Submit a Pull Request

Once your changes are complete and ready to go, the last step is to make your changes, already visible in your GitHub repository, known to the JMRI maintainers so that one of them can pull it into the main JMRI repository. To do that, you create and submit a "pull request" that automatically has all the needed info.

Once your PR is merged, a git checkout master; git pull will bring it back around to your repository and that cycle will be complete.

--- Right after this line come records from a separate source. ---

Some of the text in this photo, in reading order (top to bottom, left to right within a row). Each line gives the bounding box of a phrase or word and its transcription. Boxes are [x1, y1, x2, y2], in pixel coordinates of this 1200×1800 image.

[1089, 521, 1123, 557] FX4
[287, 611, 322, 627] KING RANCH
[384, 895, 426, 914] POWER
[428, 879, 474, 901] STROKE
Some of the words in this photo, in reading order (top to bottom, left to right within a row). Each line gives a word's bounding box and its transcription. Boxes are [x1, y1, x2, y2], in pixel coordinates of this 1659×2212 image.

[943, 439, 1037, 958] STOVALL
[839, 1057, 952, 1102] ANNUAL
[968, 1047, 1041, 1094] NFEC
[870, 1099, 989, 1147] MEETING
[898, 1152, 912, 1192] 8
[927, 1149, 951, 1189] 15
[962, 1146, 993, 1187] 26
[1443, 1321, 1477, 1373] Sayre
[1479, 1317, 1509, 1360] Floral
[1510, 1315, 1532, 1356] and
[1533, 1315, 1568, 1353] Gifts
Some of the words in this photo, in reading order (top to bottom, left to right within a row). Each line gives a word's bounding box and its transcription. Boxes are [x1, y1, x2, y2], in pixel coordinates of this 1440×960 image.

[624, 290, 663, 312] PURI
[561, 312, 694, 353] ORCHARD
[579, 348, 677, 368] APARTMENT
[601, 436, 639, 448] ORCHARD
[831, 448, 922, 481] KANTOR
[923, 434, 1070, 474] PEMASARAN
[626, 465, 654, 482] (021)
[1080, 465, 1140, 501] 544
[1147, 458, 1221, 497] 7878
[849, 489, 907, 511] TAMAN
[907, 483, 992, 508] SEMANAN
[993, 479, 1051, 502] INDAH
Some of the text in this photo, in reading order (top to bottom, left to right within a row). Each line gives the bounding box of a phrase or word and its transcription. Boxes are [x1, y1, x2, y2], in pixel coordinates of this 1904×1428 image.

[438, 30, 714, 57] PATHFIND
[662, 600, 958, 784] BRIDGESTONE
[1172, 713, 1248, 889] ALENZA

While all this is happening, you can work on something else by creating another branch and making changes there. But first, pick up the most recent contents of our central repository with:

        
    git checkout master
    git pull
Then you can create a new branch for a new project:
        
    git checkout -b another-new-feature

just like you did at the start of this process, and continue to develop.

Who are these people?

JMRI is the work of several hundred people. Anybody can contribute their work, large or small to JMRI, either by creating a PR (see above) or in other ways. You don't need any special status to create a PR and have it evaluated, just an ability to follow these instructions.

There's a group of people with "developer" status on the JMRI GitHub project who work more generally on JMRI code, for example taking on and resolving Issues opened by others. These people can assign Issues and PRs to themselves, and do a few other minor things. Typically, once somebody has solved a couple of Issues, they'll get an automated invitation to developer status from GitHub. These people are expected to be subscribed to the jmri-developers mailing list and to have public GitHub profiles that identify them.

A smaller group of JMRI "maintainers" on GitHub have the ability to edit, label and close all Issues and PRs, and to merge the contents of PRs to the main repository. This group does the infrastructure work that keeps the project code moving forward while avoiding unnecessary risk to the project's code and other assets.